There are countless perks that come along with marriage – tax breaks, 1,500 or so federal legal benefits and societal recognition of your relationship, for instance. Those are all dandy, but this week I want to talk about the KitchenAid stand mixers, the champagne flutes, the waffle irons, the 1200-threadcount bed sheets and the lush bath towels.
The bridal registry has always boggled me. Why should there be prizes for getting married? Better yet, why should I have to shell out $75 to $200 so you can feather your little love nest, while I eat off of mismatched IKEA plates? There was a time when I thought I’d become the crazy lady at the back of the chapel objecting to the about-to-be-consecrated union if I had to buy one more cookie sheet for a friend who I knew for a fact did not bake or designer china for a co-worker I didn’t even like.
You see, I actually do bake and I throw dinner parties where $100 a place setting china would come in very handy. So yes, the domestic diva in me was a little bitter that she wasn’t on the receiving end of all of these splendid gifts. Single people need plates and bath towels too!
Now that I’m a lot older and a little wiser (and a wedding might actually be in my near future), I’m starting to rethink my, um, rigid stance on bridal registries. Straight friends who might be reading this: Please disregard the paragraphs above. I wasn’t bitter about buying cookware for you. That was about other people, I swear.

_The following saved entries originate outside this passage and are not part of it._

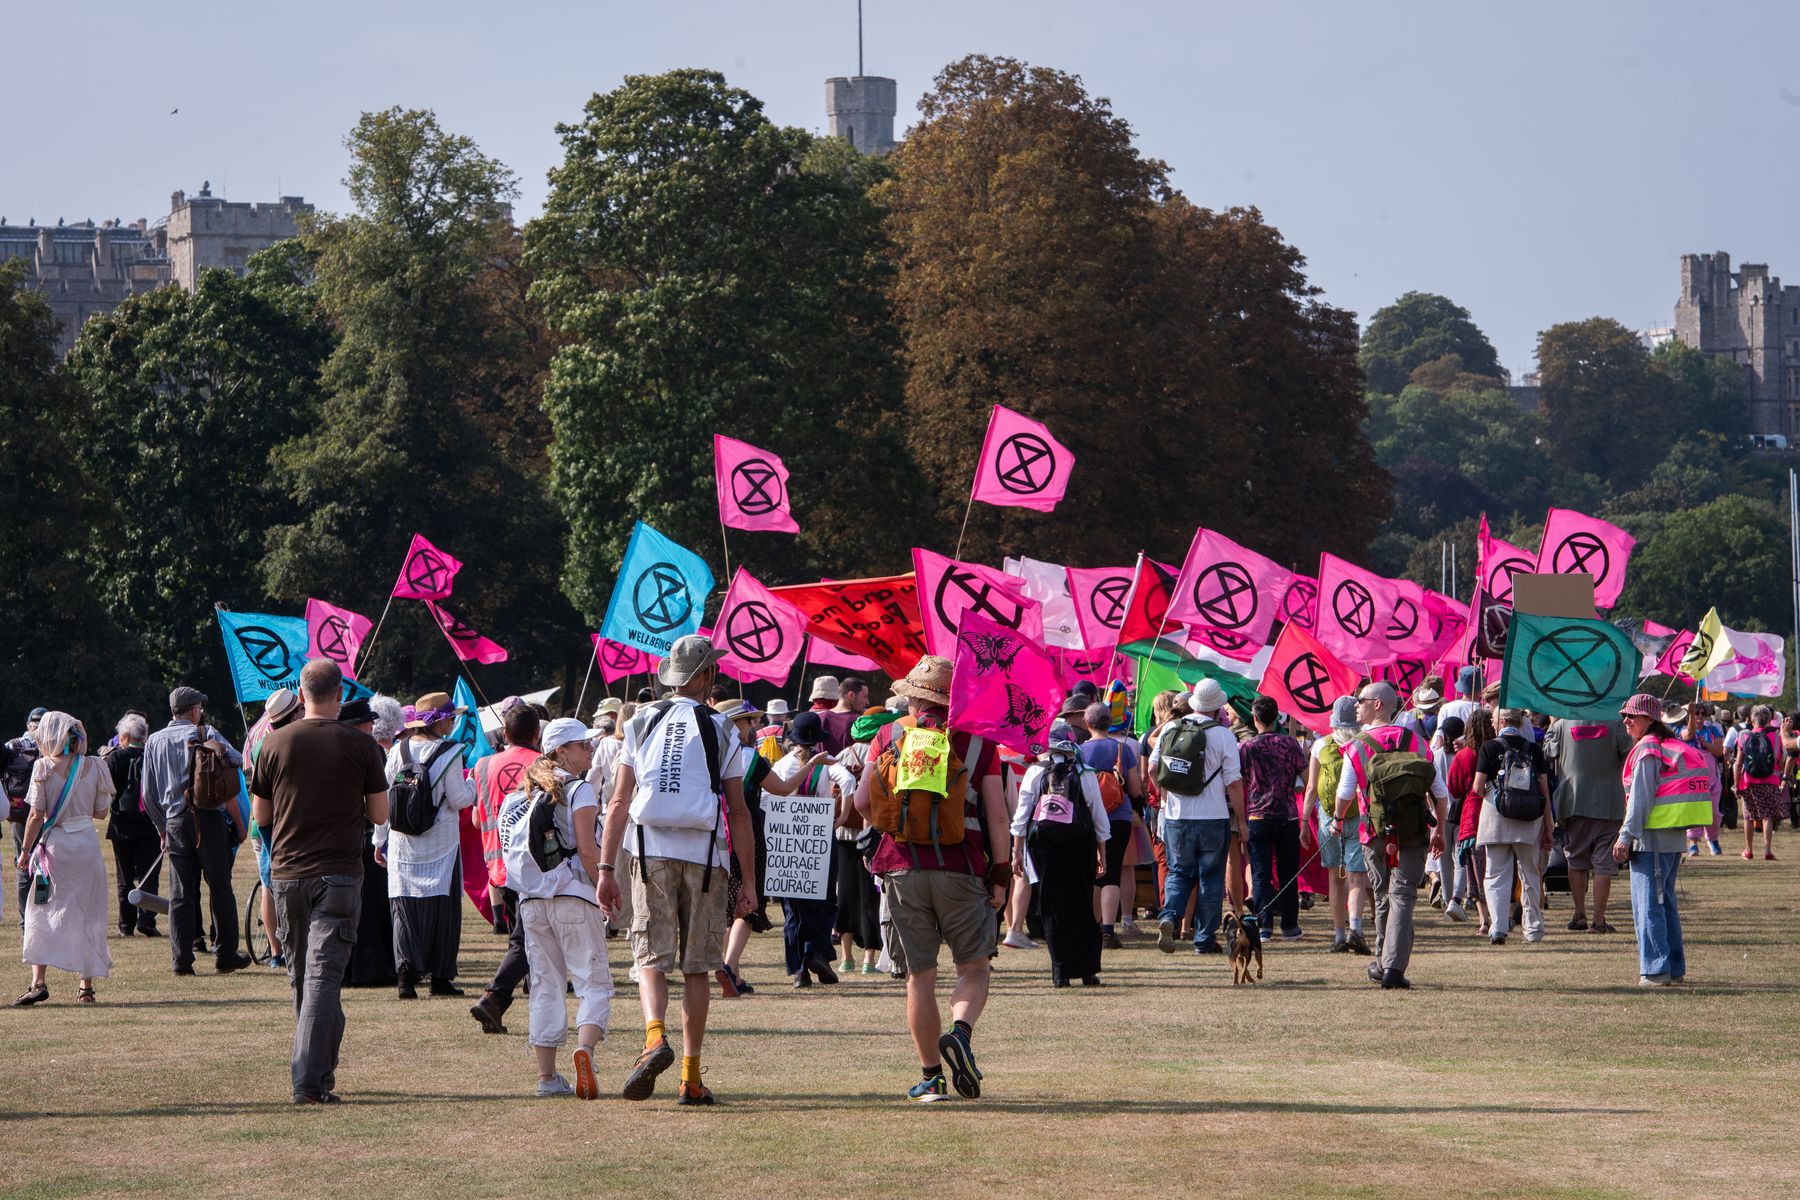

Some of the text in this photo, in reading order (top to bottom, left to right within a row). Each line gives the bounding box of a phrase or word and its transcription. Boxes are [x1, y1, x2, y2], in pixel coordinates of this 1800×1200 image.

[659, 722, 675, 792] AND DEESCALATION
[669, 722, 686, 793] NONVIOLENCE
[771, 801, 831, 815] WE CANNOT
[792, 815, 809, 823] AND
[769, 822, 826, 837] WILL NOT BE
[766, 836, 828, 855] SILENCED
[767, 855, 821, 870] COURAGE
[778, 869, 810, 879] CALLS TO
[765, 877, 819, 894] COURAGE

So, as more lesbians are becoming brides, I wonder if we’ll hop on the registry bandwagon, or buy our own damn dishes, thank you very much. Let’s not forget that the original intent of a bridal registry was to arm soon-to-be housewives with all the paraphernalia they’d need to keep their new husbands happy and well fed. Things have obviously evolved a bit since June Cleaver’s era. But, that’s the not diminishing the popularity of the bridal registry – 88 percent of engaged couples set up a registry in 2010.